No More Research On Chimpanzees, Says U.S. Government

The National Institutes of Health chief Francis Collins is ending the federal agency’s chimp research program. The agency’s last 50 chimps will be sent to sanctuaries, but "it will be years" to move them all, Collins said.

The National Institutes of Health (NIH) will send its last 50 research chimps to sanctuaries, agency director Francis Collins has decided, ending a controversial animal experiment program launched during the AIDS crisis.

In a November 16 email, according to Nature magazine, Collins wrote to NIH administrators: “there is no further justification for the 50 chimpanzees to continue to be kept available for invasive biomedical research.”

In June, the federal Fish and Wildlife Service listed captive chimps as endangered, joining their wild counterparts in that status. That meant that future chimp research would have to show a benefit to the species to continue, adding a bar to their use in experiments. But NIH had said that month it intended to keep its reserve of 50 chimps.

"We have moved away from a time where we would consider chimps essential to medical research," Collins said, in telephone briefing for reporters. "Effective immediately, NIH will no longer maintain a colony of 50 chimpanzees for future research."

NIH now owns about 300 chimps in all that live in three biomedical labs, including the 50 reserve research chimps.

Collins said that NIH will begin transferring chimps to a federally supported sanctuary, Chimp Haven in Keithville, Louisiana. The timing of the moves will be determined by the health and welfare of the chimps, beginning with 20 chimps now in a Texas biomedical lab, according to a statement sent to BuzzFeed News.

"It will be years," to move all the chimps, Collins said. Chimp Haven presently has 25 available slots for new chimps, with another 25 anticipated next year.

"I’m elated that chimpanzees, some of whom have spent decades in research facilities, will no longer be subject to NIH-funded invasive experimentation," said John Pippin of the Physicians Committee for Responsible Medicine, in a statement. "Chimpanzees have repeatedly proven to be poor models for many areas of human disease research."

Collins initially froze chimp research in 2011, after an internal research panel questioned their use in medical research. That decision eventually led to the agency only using the animals for studies of hepatitis and psychological behaviors. NIH retired 310 chimps in 2013, saving the last 50 as a “reserve” for research in a public health emergency.

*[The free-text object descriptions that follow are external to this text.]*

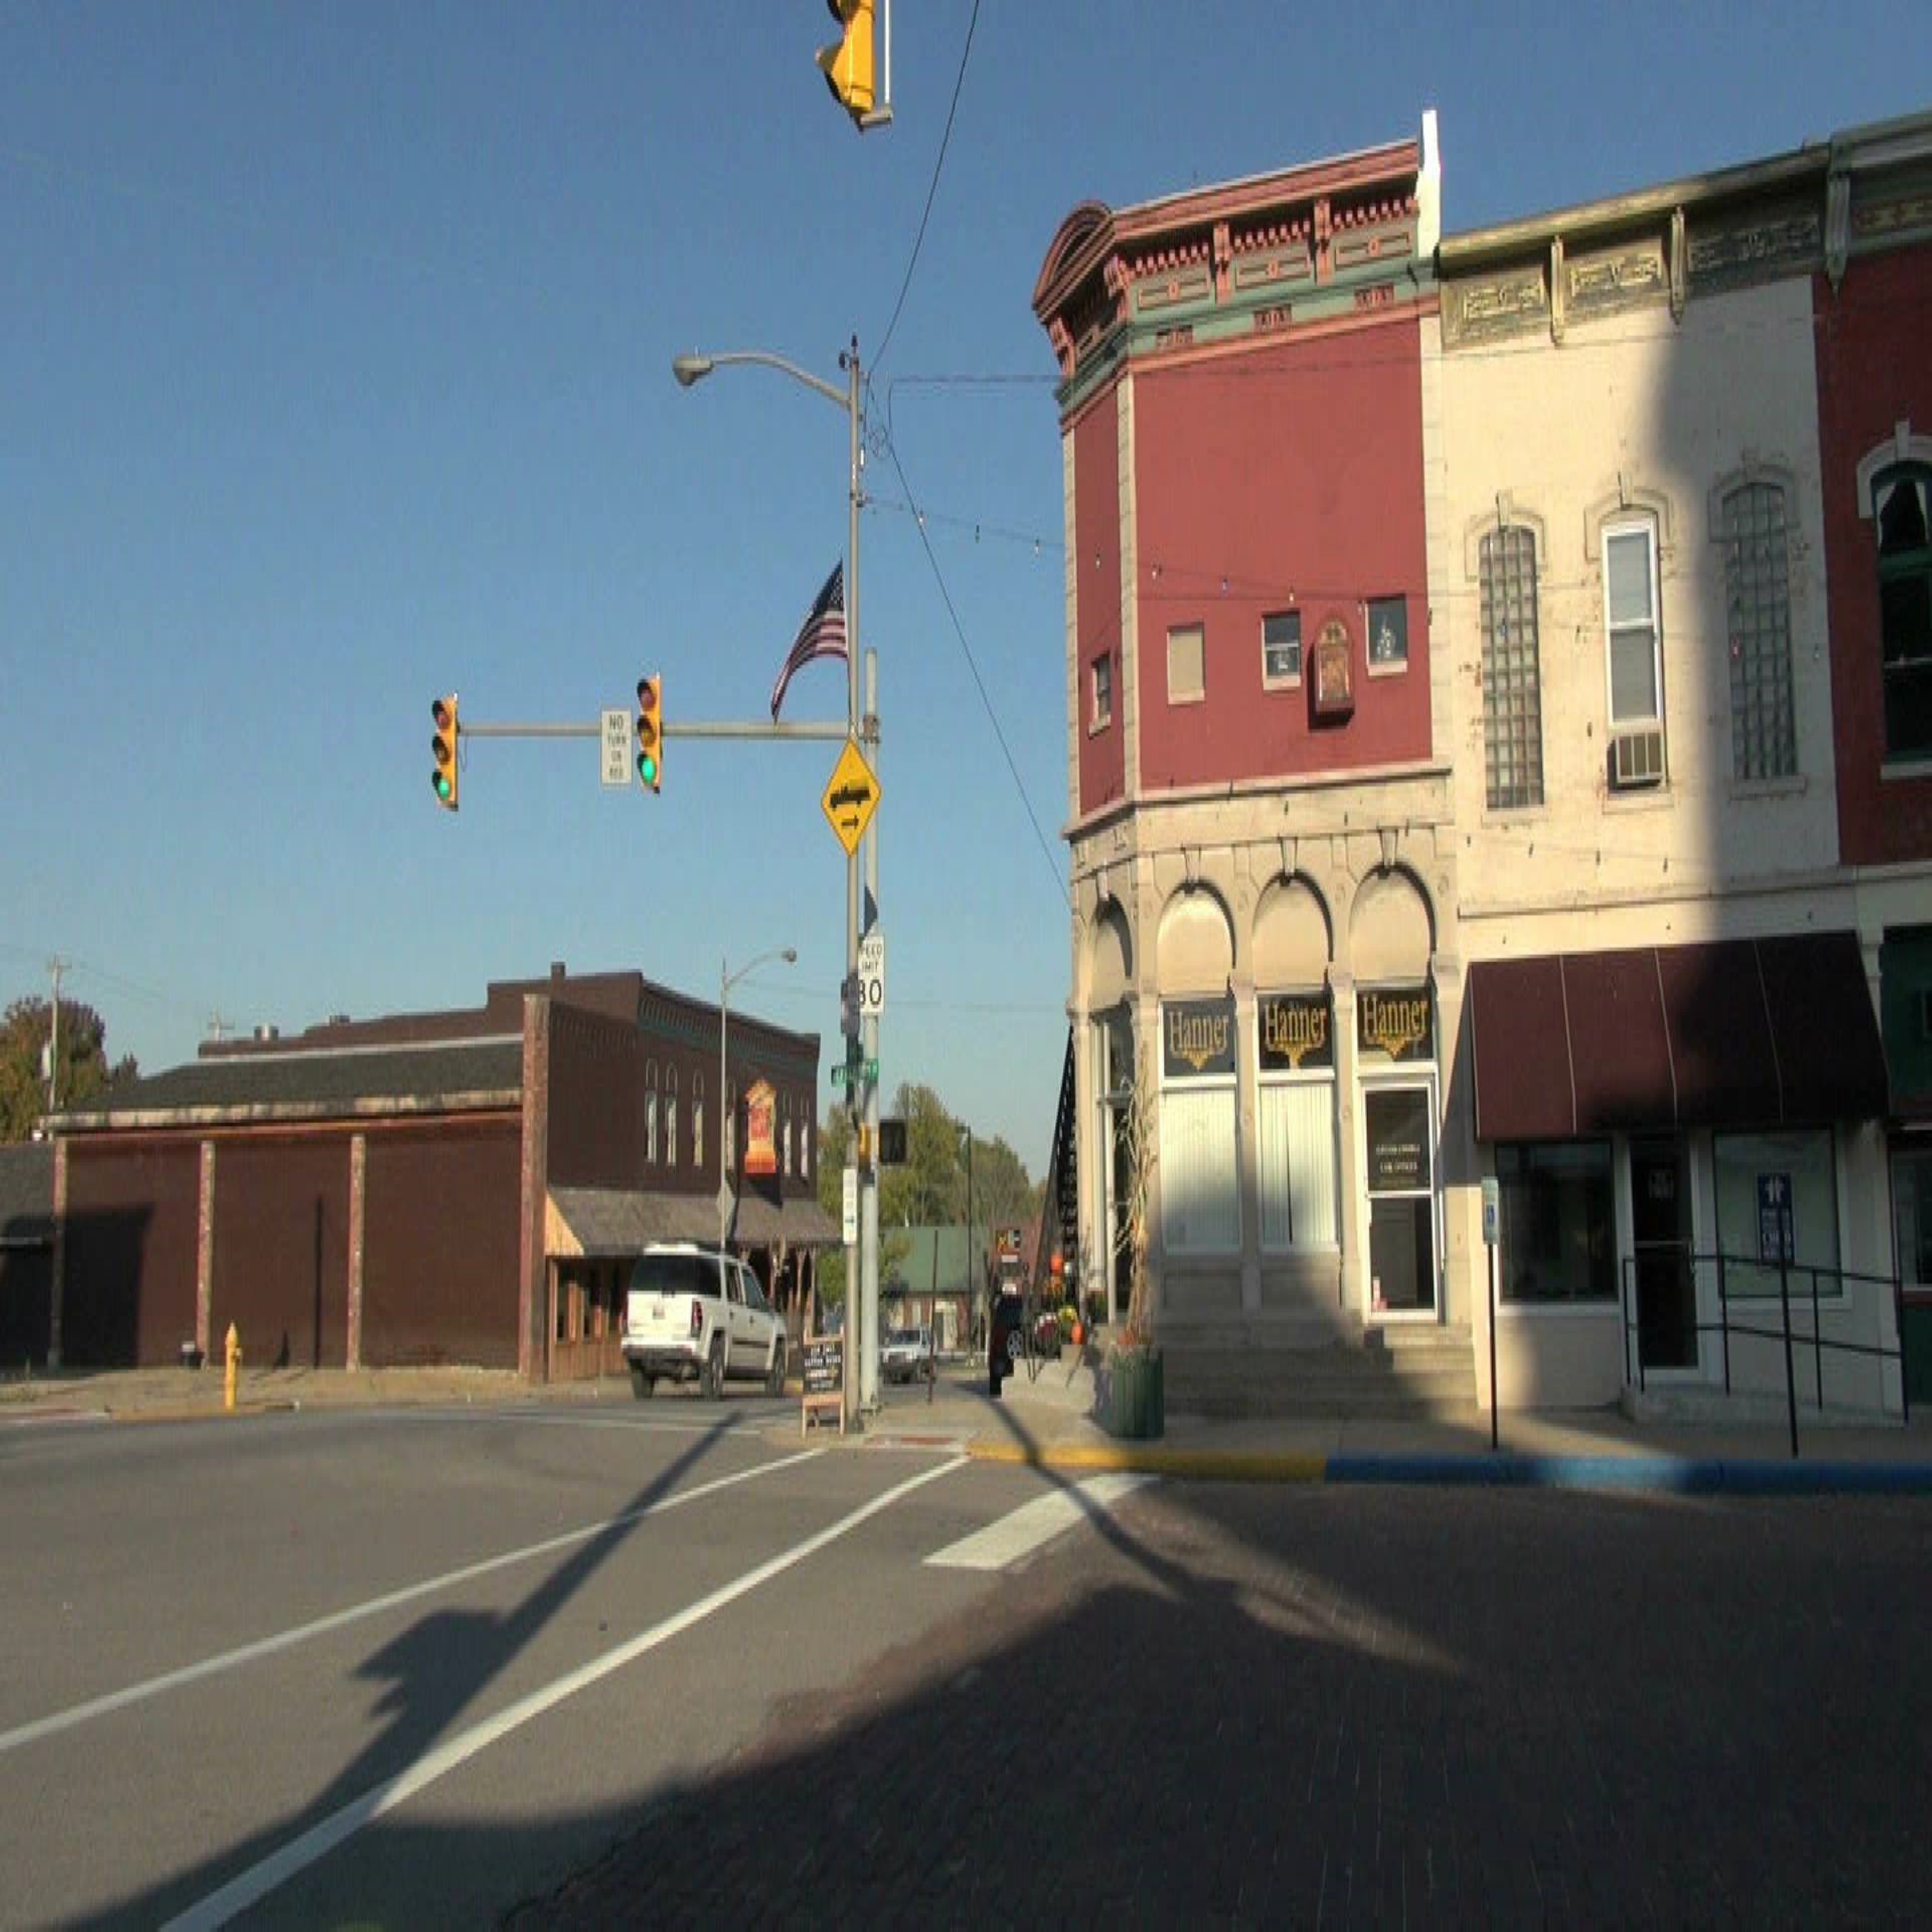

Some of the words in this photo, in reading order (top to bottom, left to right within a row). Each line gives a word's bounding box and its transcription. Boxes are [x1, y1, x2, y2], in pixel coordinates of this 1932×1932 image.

[609, 714, 624, 730] NO
[858, 979, 882, 1005] 30
[1167, 1010, 1229, 1049] Hanner
[1264, 1003, 1327, 1043] Hanner
[1363, 996, 1428, 1035] Hanner

At that time, Collins said that because chimps are our closest genetic relatives and very intelligent, they “deserve special consideration and respect” in their participation in medical research.

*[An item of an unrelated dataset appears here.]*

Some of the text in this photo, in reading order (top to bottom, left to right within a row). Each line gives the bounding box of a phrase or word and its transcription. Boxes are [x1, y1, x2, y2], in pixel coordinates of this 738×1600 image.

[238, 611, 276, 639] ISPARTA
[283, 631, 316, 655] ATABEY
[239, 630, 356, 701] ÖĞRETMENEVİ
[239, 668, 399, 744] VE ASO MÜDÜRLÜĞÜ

Only one chimp research request, which was later withdrawn, has been sent to NIH since 2013, according to the email quoted by Nature.

The idea of keeping 50 reserve chimps was premised on the fear of a deadly epidemic that would require chimps for experiments and testing, Collins said. "That premise was faulty," he added, because it would have required an emergency lab equipped to both contain a deadly plague and chimps. "That would be impossible."

There are about 2,000 captive chimps in the United States. The split status between wild and captive chimps dates to the early 1990s when chimps were initially considered useful for HIV research. That was a mistake, researchers discovered, because the chimp immune system doesn't respond to the disease like humans do.

In September, the People for the Ethical Treatment of Animals (PETA) sent hundreds of letters to Collins' neighbors in a Washington D.C. suburb, decrying monkey research funded by NIH. The letters revealed his home address and phone numbers and urged people to hound him and an NIH researcher.

"Our polite and factual letter simply shared already public information," Justin Goodman, director of PETA's Laboratory Investigations Department, told BuzzFeed News by email.

Collins doesn't see it that way. "That kind of harassment is very unfortunate," he said. But he denied that the chimp decision had anything to do with PETA's monkey activism and reiterated that the agency would continue to support research on monkeys, which he said had played an important role in the recent response to Ebola.


UPDATE

This story has been updated with a response from PETA.

UPDATE

This story has been updated with comments from NIH director Francis Collins.

UPDATE

This story has been updated with reaction from John Pippin.